By Tuesday, the spreading had finally stopped and we were confident that the medication was finally working. On Wednesday, it was determined that enough of the infection has been destroyed by the meds and it was safe to go in and debride the area. Dr. Akemi Kawaguchi, who has been a friend of mine since I was 14, operated. I never, in my wildest dreams, would have thought that as high school friends, almost 30 years later, she would be operating on my son. I know I was in amazing hands!

The procedure was a success. She was able to remove almost most of the infection. What she couldn’t, would drain thru a packing left in the incision area. At the same time, they also put in a pic line as he was going to need to be on intravenous antibiotics for weeks and once he was well enough, they could send us home with that to keep recovering.

By Thursday, the nightmare of what we had gone thru was really starting to take its toll on me physically and mentally. I was beyond exhausted and extremely emotional. I know that Matt was on an upswing, but I felt like we had been thru so much, the whole experience was totally overwhelming. Not to mention I most likely gained 20 lbs. eating every cookie that someone brought and snacking 24/7 just to make the time go by!

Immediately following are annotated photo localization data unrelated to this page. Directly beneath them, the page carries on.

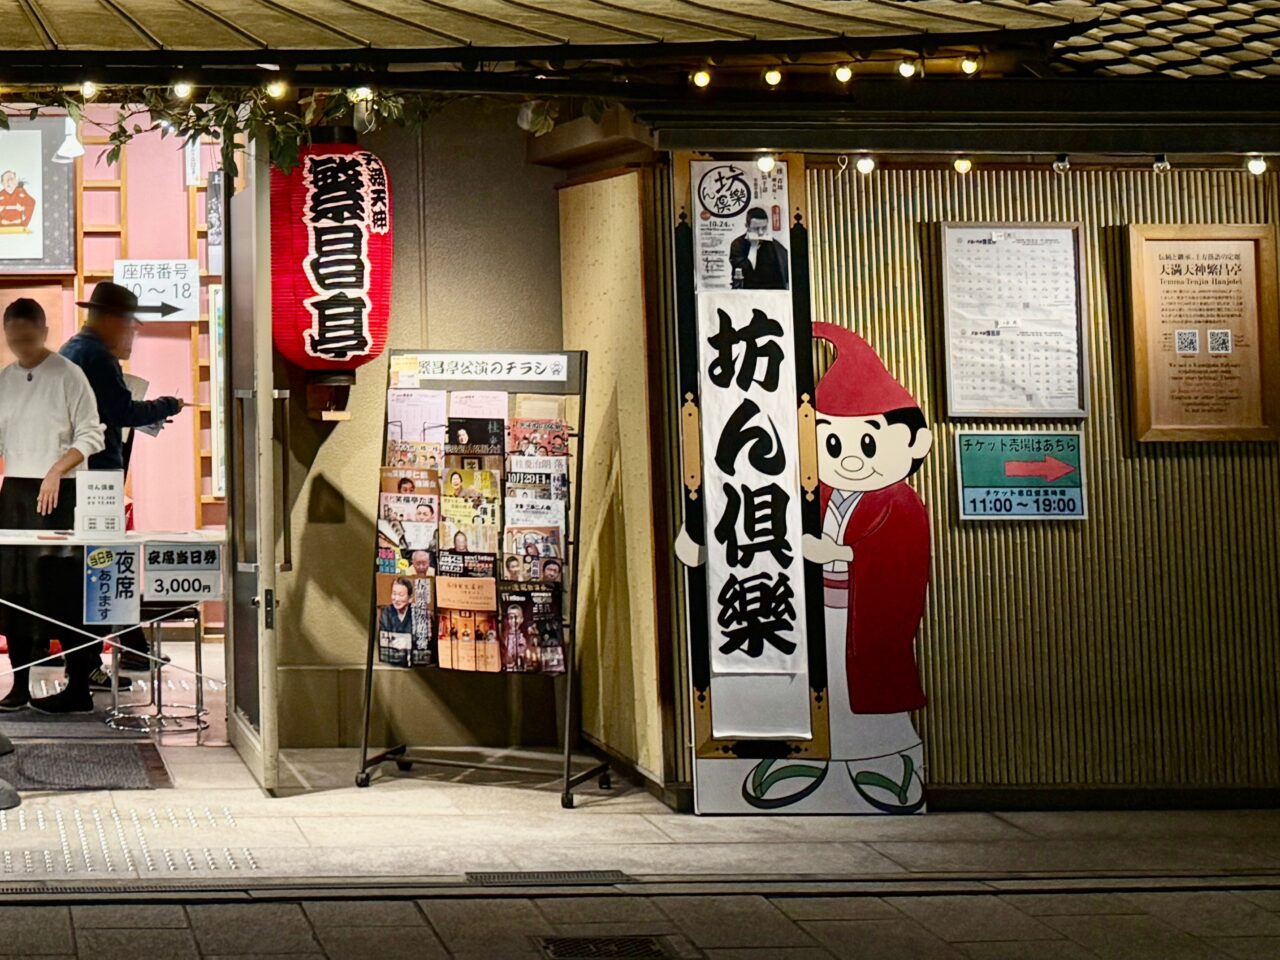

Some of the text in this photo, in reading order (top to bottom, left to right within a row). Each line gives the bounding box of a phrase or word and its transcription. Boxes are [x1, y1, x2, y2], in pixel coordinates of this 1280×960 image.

[310, 155, 369, 357] 繁昌亭
[123, 263, 189, 280] 座席番号
[1160, 263, 1242, 277] 天満天神繁昌亭
[963, 437, 1077, 454] チケット売場はあちら
[148, 551, 217, 566] 夜席当日券
[115, 550, 135, 600] 夜席
[98, 570, 112, 620] あります
[154, 578, 211, 596] 3,000円

Thursday night to Friday morning was rough. We both slept horribly and we were so ready to go home. The docs said they could not discharge us until they knew what the diagnosis was. Finally, at 2pm, one week later, we had an answer. Strep A positive. Basically, the same kind that is in your throat, but his landed in a lymph node in his upper thigh, got infected, abscessed and spread. Not a common occurrence. All along, everyone thought that it was MRSA. It is a very good thing that I took him to the ER when I did. Had it gotten into his blood stream, there would have been major problems.

We signed the discharge papers, packed up what I called my studio apartment and got home Friday afternoon where the home health nurse met us. She showed me how to administer the antibiotics thru his pic line, where I will continue to give him his medication until at least Feb. 2nd, three times a day.

Matthew is VERY brave. I am in awe of how amazingly he handled everything he went thru the past 7 days. He's on the road to recovery and for that, I'm very grateful. It was very frightening not knowing what was wrong. The nurses and hospital staff were terrific and really helped make my stay there tolerable.
A BIG shout out to the entire community. I am humbled by the graciousness and overwhelming response to our ordeal. The thoughts, prayers, good wishes received took us through this truly very scary time. There are not enough words to properly thank all those that reached out to help.
I will forever be indebted.

Now, as far as I am a concerned, I need a vacation!